Presenting at the American Society of Clinical Oncology's annual meeting on Saturday, Susan Halabi, a professor of biostatistics and bioinformatics at Duke, reported that the researchers built on a previously developed model that used clinical factors to determine overall survival in patients with mCRPC who had been treated with androgen receptor inhibitors. The model originally factored in performance status, disease site, opioid analgesic use, and the presence of lactate dehydrogenase, albumin, hemoglobin, prostate specific antigen, and alkaline phosphatase, Halabi noted. 

Researchers sought to update this model with pathogenic genetic alterations identified in ctDNA in 776 mCRPC patients' samples from the previously conducted Alliance A031201 Phase III trial.
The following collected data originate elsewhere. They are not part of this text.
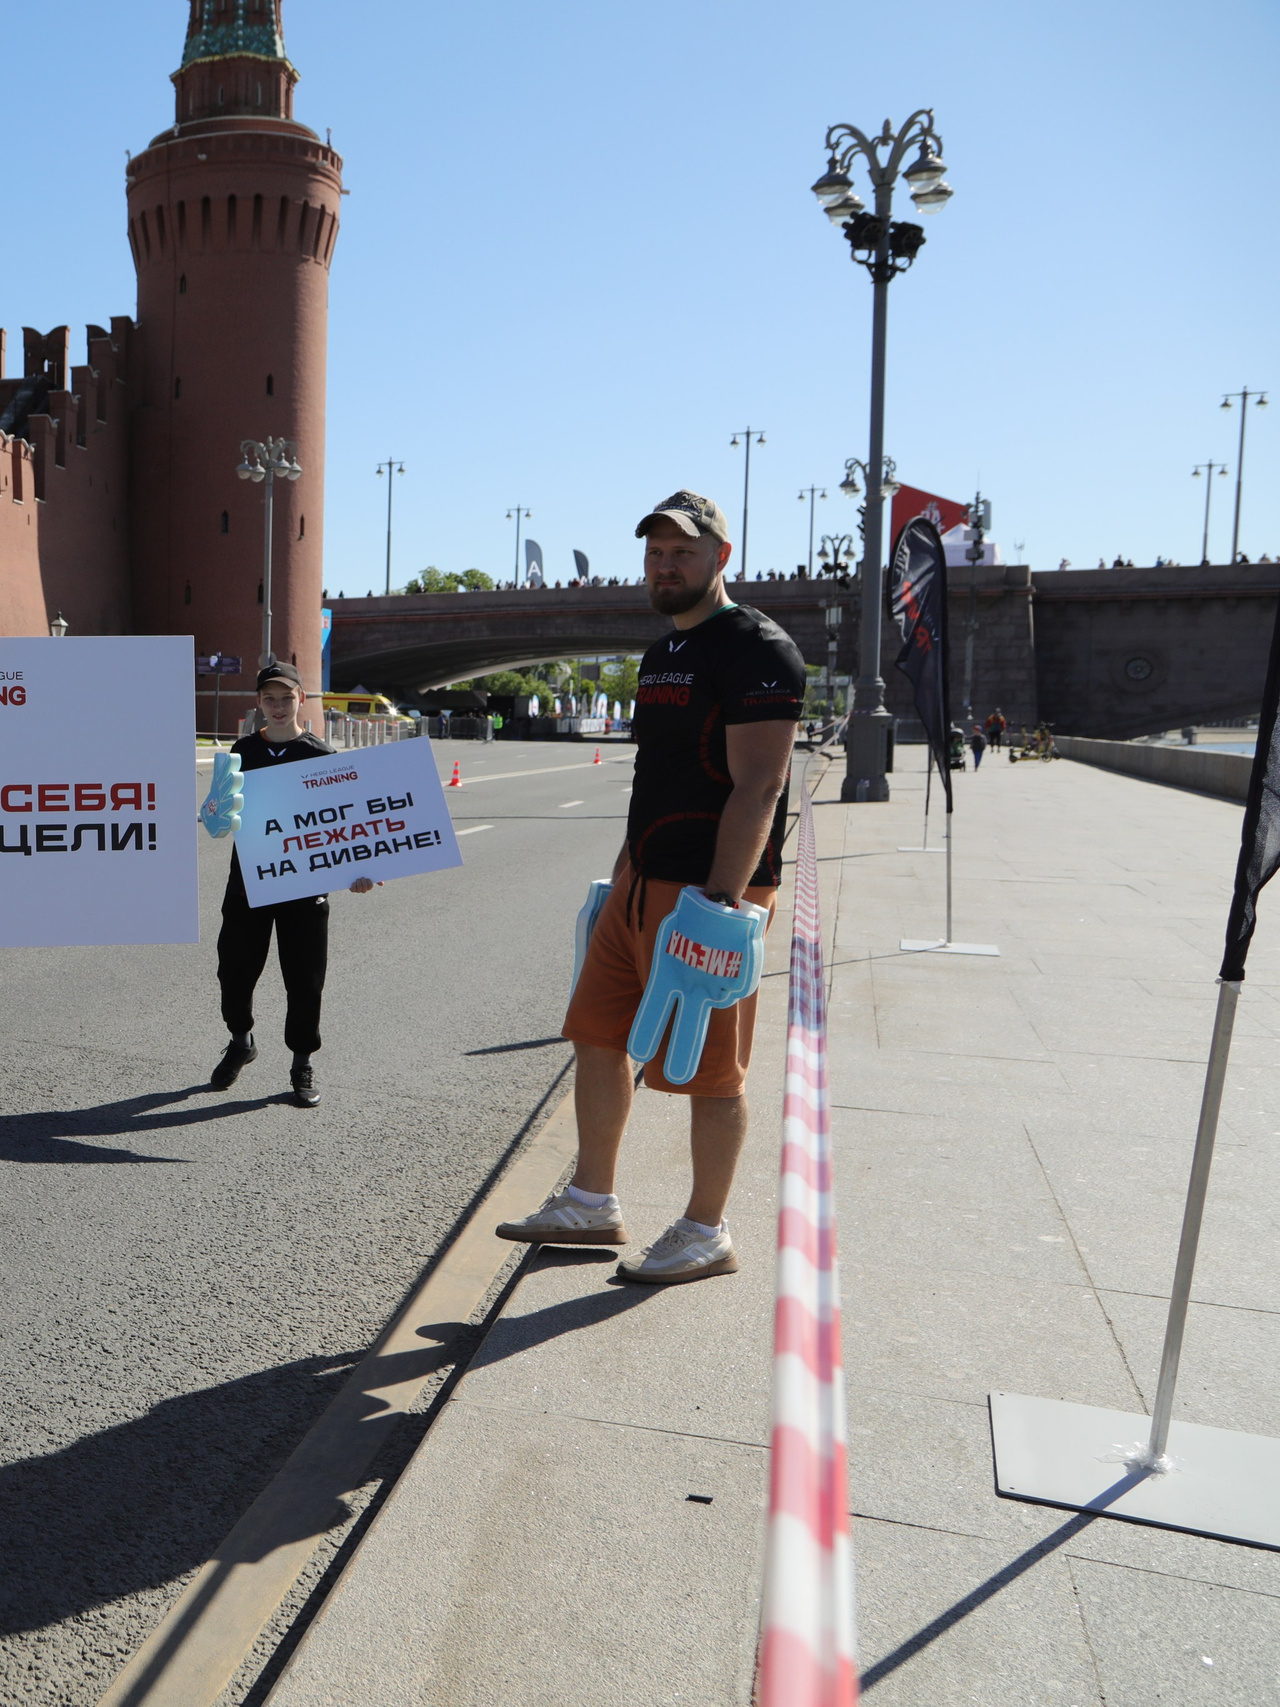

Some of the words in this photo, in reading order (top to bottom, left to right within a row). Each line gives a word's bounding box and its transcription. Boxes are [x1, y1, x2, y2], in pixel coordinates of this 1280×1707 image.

[656, 672, 695, 685] LEAGUE
[302, 770, 359, 790] TRAINING
[329, 764, 355, 774] LEAGUE
[0, 782, 156, 812] СЕБЯ!
[265, 818, 283, 835] А
[293, 803, 354, 830] МОГ
[366, 791, 414, 815] БЫ
[282, 817, 406, 854] ЛЕЖАТЬ
[256, 859, 298, 880] НА
[309, 829, 442, 872] ДИВАНЕ!
[667, 929, 743, 978] #МЕЧТА
This study tested the activity of Pfizer and Astellas' Xtandi (enzalutamide) with or without Xtandi and Janssen Biotech's Zytiga (abiraterone) and prednisone.

The original model using only clinical factors had an area under the receiver operating characteristic curve of 0.72, while the model with combined clinical and genetic factors had an area under the receiver operating characteristic curve of 0.77 — a "statistically significant" increase in accuracy, Halabi added. 
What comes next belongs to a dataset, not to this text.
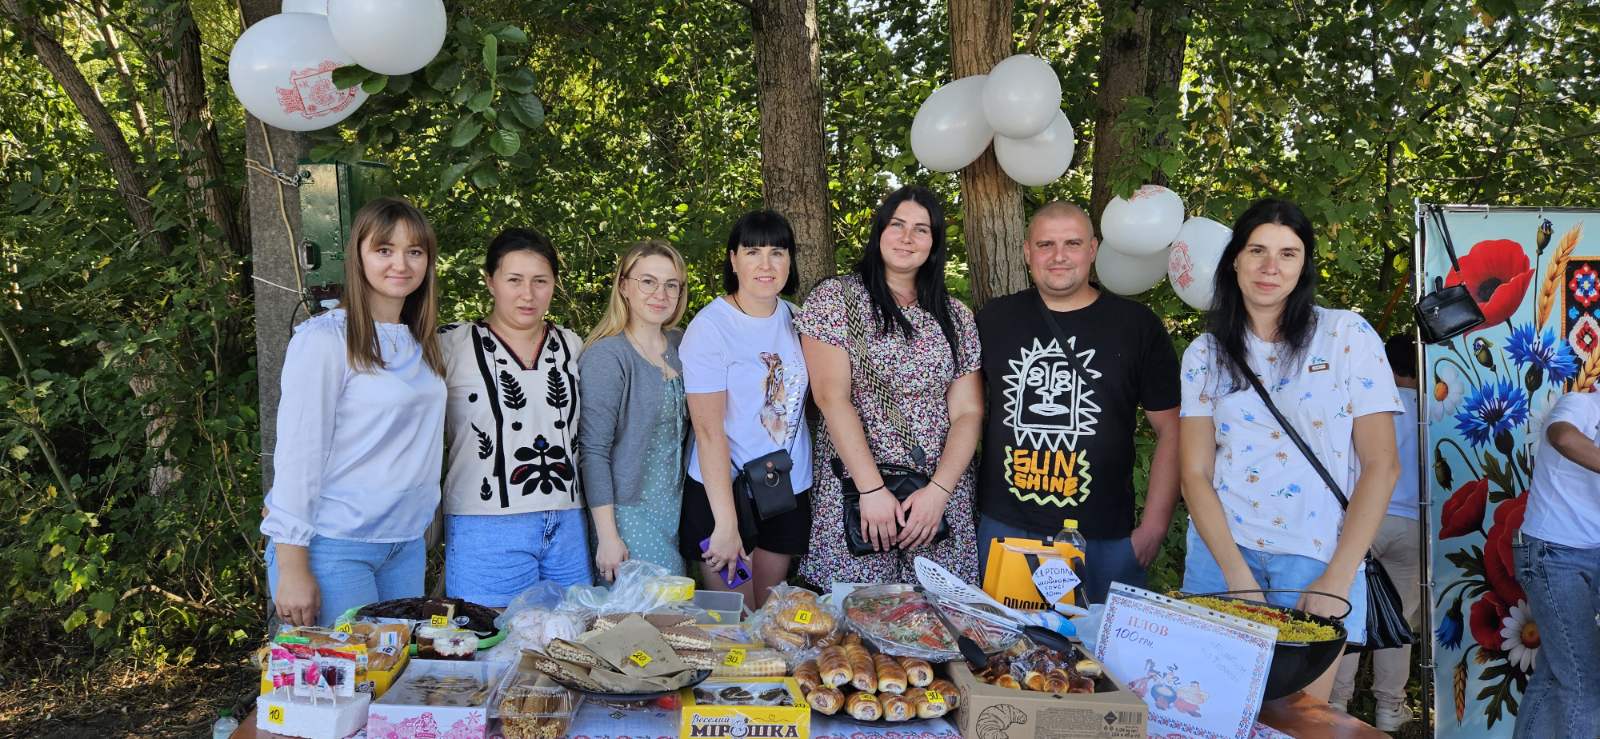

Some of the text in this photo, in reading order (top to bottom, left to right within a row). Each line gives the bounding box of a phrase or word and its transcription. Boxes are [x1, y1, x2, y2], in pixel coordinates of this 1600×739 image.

[1013, 449, 1076, 477] SUN
[1013, 472, 1079, 497] SHINE
[1128, 615, 1169, 637] ПЛОВ
[269, 709, 280, 720] 10
To determine which genetic factors would be included in the updated model, Halabi said the team used the 69-gene AR ctDetect assay, which utilized cell-free DNA isolated from up to 3 milliliters of plasma. The University of Minnesota Genomics Center performed DNA sequencing library preparation and custom targeted panel sequencing, and the researchers developed a custom bioinformatics pipeline to identify ctDNA aneuploidy fraction, copy number gains or losses of target panel genes, pathogenic single nucleotide variants in target panel genes, and AR gene structural rearrangements. 

In building the model, Halabi's team used a machine learning-based approach to first identify the genetic variables that were associated with survival in mCRPC patients. They cross-validated the model by randomly splitting the data 100 times to check its performance and found that the variables "were very much robust," Halabi said. 

The researchers incorporated the clinical variables, ctDNA aneuploidy fraction, and BRCA2 loss into the model and determined the time-dependent area under the receiver operating characteristic curve to assess the model's predictive accuracy, Halabi added. 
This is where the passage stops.